İkinci Yeni Akımı Nedir Kısaca Özellikleri Temsilcileri

İkinci yeni, Türk edebiyatında Garip şiirinin getirdiği yeniliğe karşı oluşan yenilik hareketi (1956-1960 sonrası),

i. Berk, T. Uyar, E. Cansever, C. Süreyya, Ece Ayhan gibi şairlerin 1955’lerde dergilerde yayımlamaya koyulduğu şiirler O. V. Kanık ve arkadaşlarının 1940’larda gerçekleştirdiği yeniliklerden artık uzaklaşmış görünüyordu. 1956’da M. Erdost, sanat sayfasını yönettiği Pazar postasında da yayımlanan bu yeni şiirlerin anlamla sözcükler arasındaki alışılmış bağlantıyı sarstığına dikkati çekerek hareketi “ikinci yeni” diye adlandırdı.

Garip şiirinin temsilcilerinden O. Rıfat Perçemli sokak (1956) yapıtında şiirin bir sözcük ve görüntü sanatı olduğunu, ancak yalnızca olabilecek görüntülere de, anlama da bağlı kalamayacağını belirtip bu yolda örnekler vererek harekete katıldı.

Garip şiirinin getirdiği ilkelere dayanan şiir günlük yaşamı, küçük insanı, toplum sorunlarını konu ediniyordu.

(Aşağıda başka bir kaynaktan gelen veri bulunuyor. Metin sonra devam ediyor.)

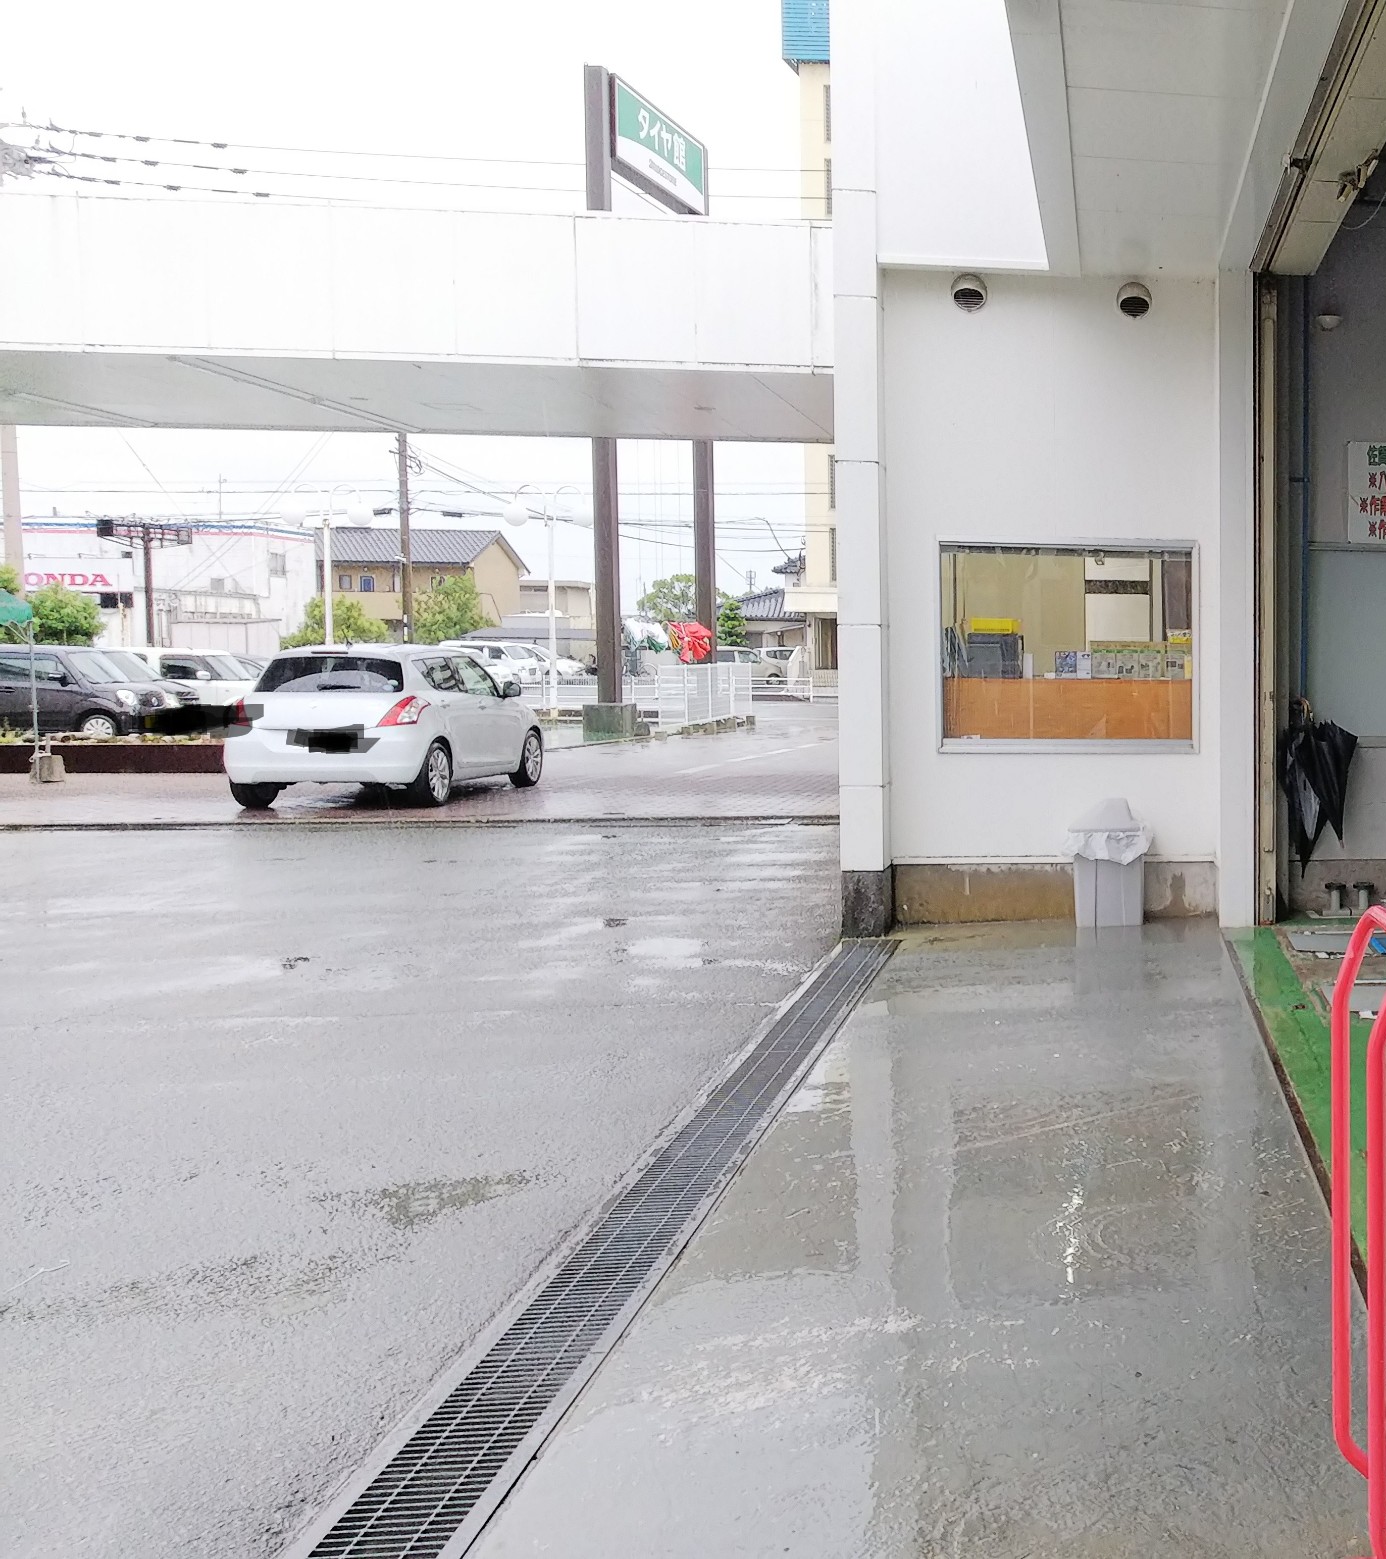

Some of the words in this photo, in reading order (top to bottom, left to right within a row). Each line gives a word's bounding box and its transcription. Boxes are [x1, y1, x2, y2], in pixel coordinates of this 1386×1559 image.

[638, 107, 686, 172] タイヤ館
[23, 572, 113, 588] ONDA
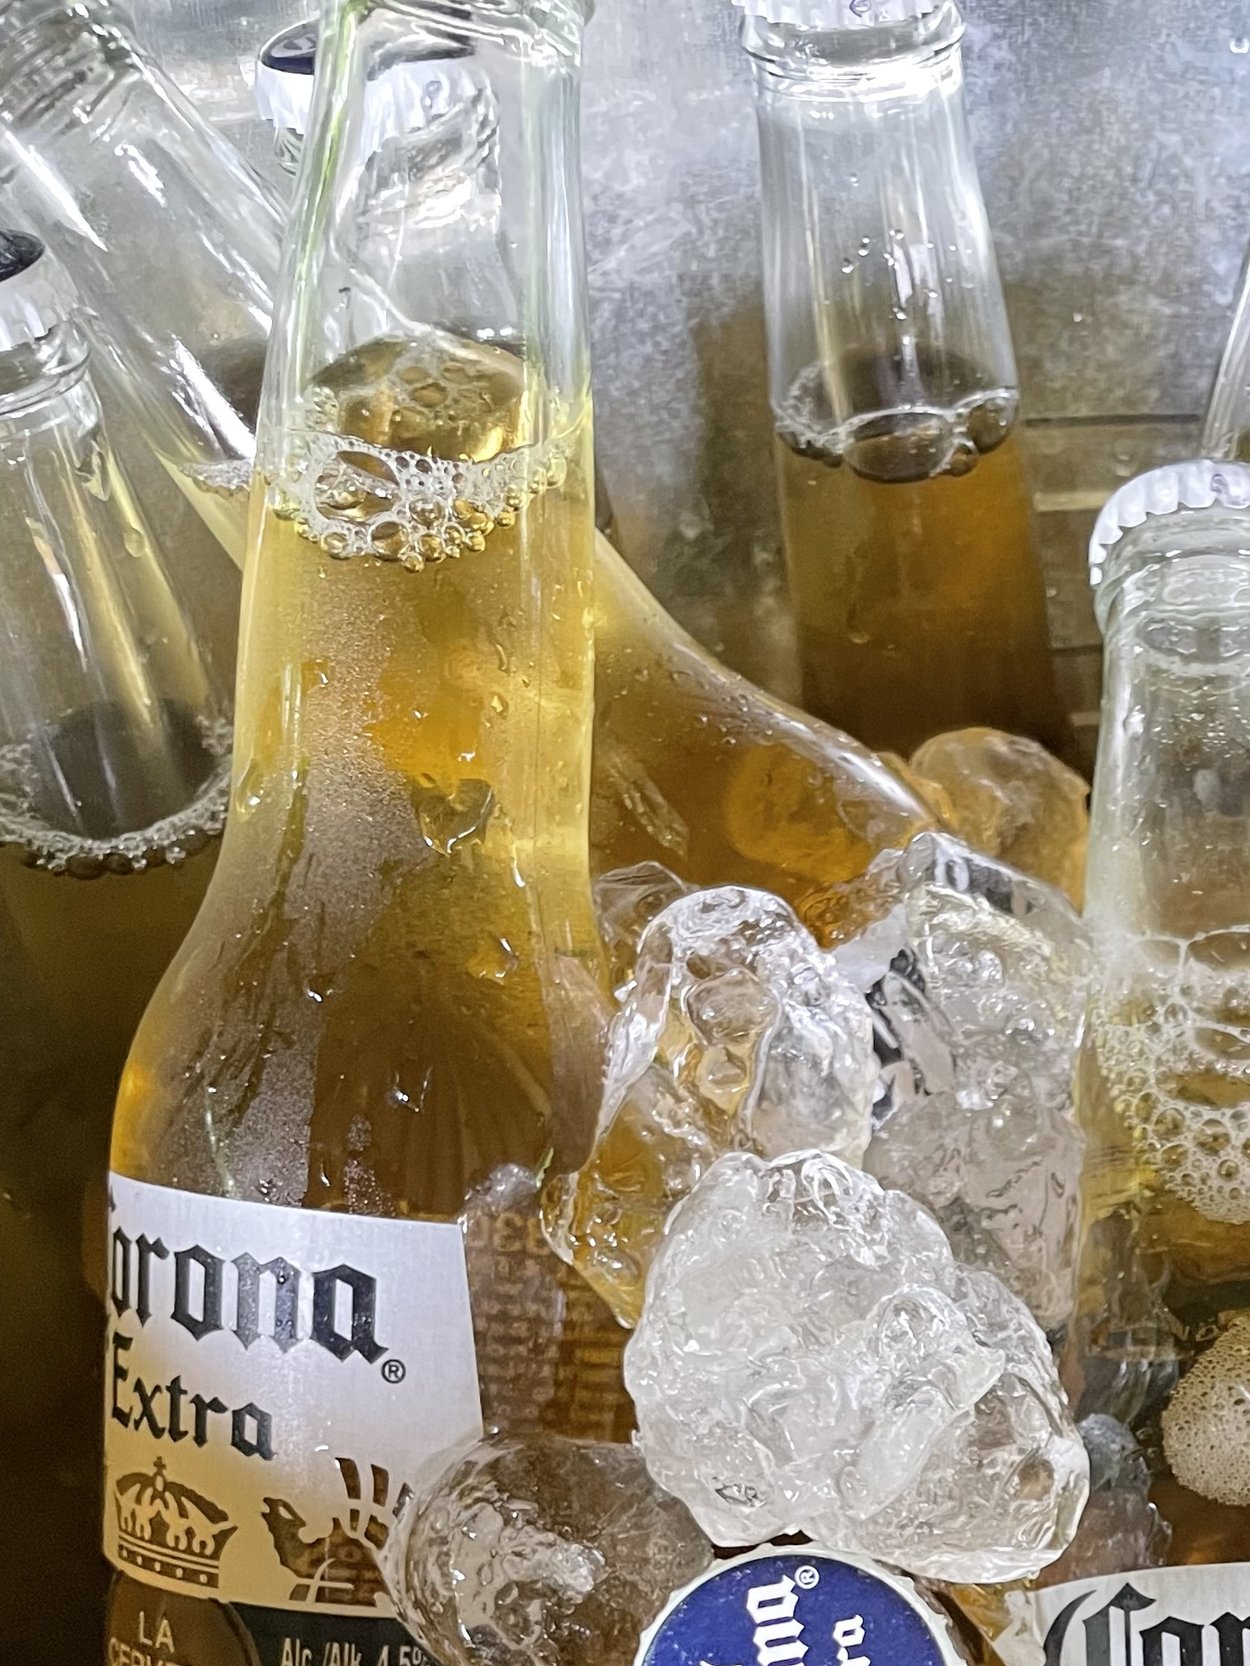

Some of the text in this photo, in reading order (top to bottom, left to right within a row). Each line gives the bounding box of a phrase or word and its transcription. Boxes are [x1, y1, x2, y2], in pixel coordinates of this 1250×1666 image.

[111, 1226, 389, 1363] orona
[112, 1332, 274, 1461] Extra
[139, 1610, 175, 1653] LA
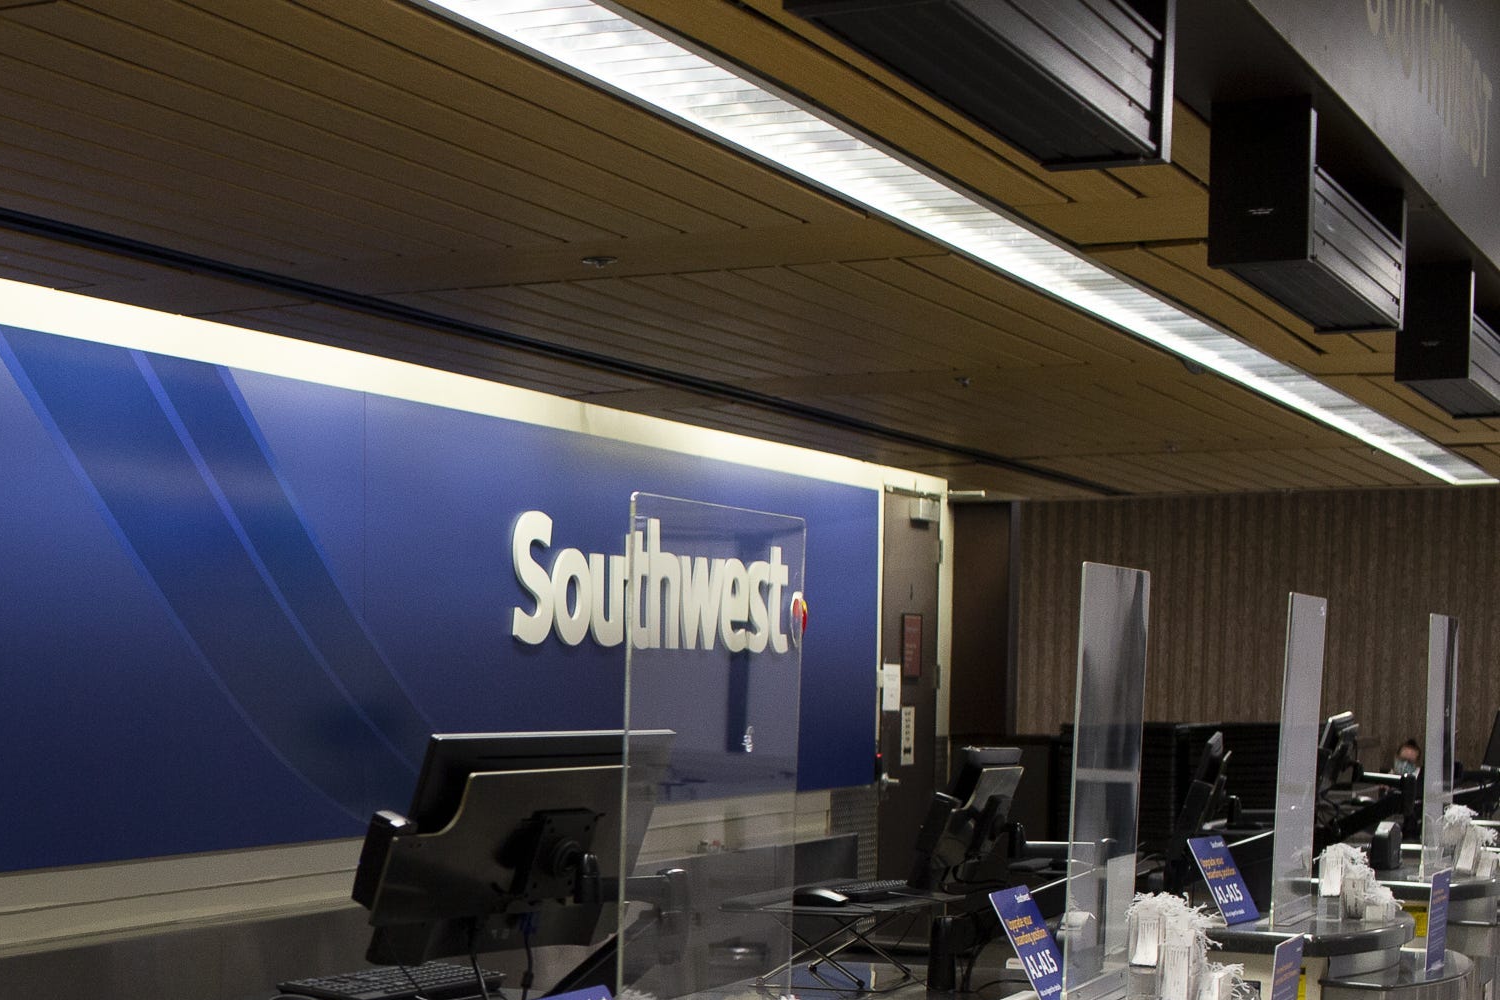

Konuşma diline dayanıyor, yer yer folklordan yararlanıyordu. Akılcıydı. Şiirde anlam bütünlüğünü arıyordu. Anlamca açıktı, ikinci yeni ise bütün bunların karşıtlarını gerçekleştirdi: eski çağları, tarihi, yabansı doğayı, bilinçaltını; yalnızlık, sıkıntı, cinsellik, intihar ölüm gibi temaları konu edindi. Tevrat, İncil gibi metinlerden yararlandı. Kentli aydınların duyarlığını yansıttı. Bilinçaltının özgür çağrışımlarına bağlandı. Dilin yapısını zorlayarak tamlamaları bozdu; sıfatların, eklerin yerlerini değiştirdi; dizelerde harfleri, anlamsız heceleri sıraladı; imgeye ön planda yer verdi. Tek tek dizelerin oluşturduğu güzelliğe dayandı. Bütün bunlar toplumcu eleştirmenlerce siyasal baskıdan doğmuş bir Kaçış şiiri olarak suçlandı.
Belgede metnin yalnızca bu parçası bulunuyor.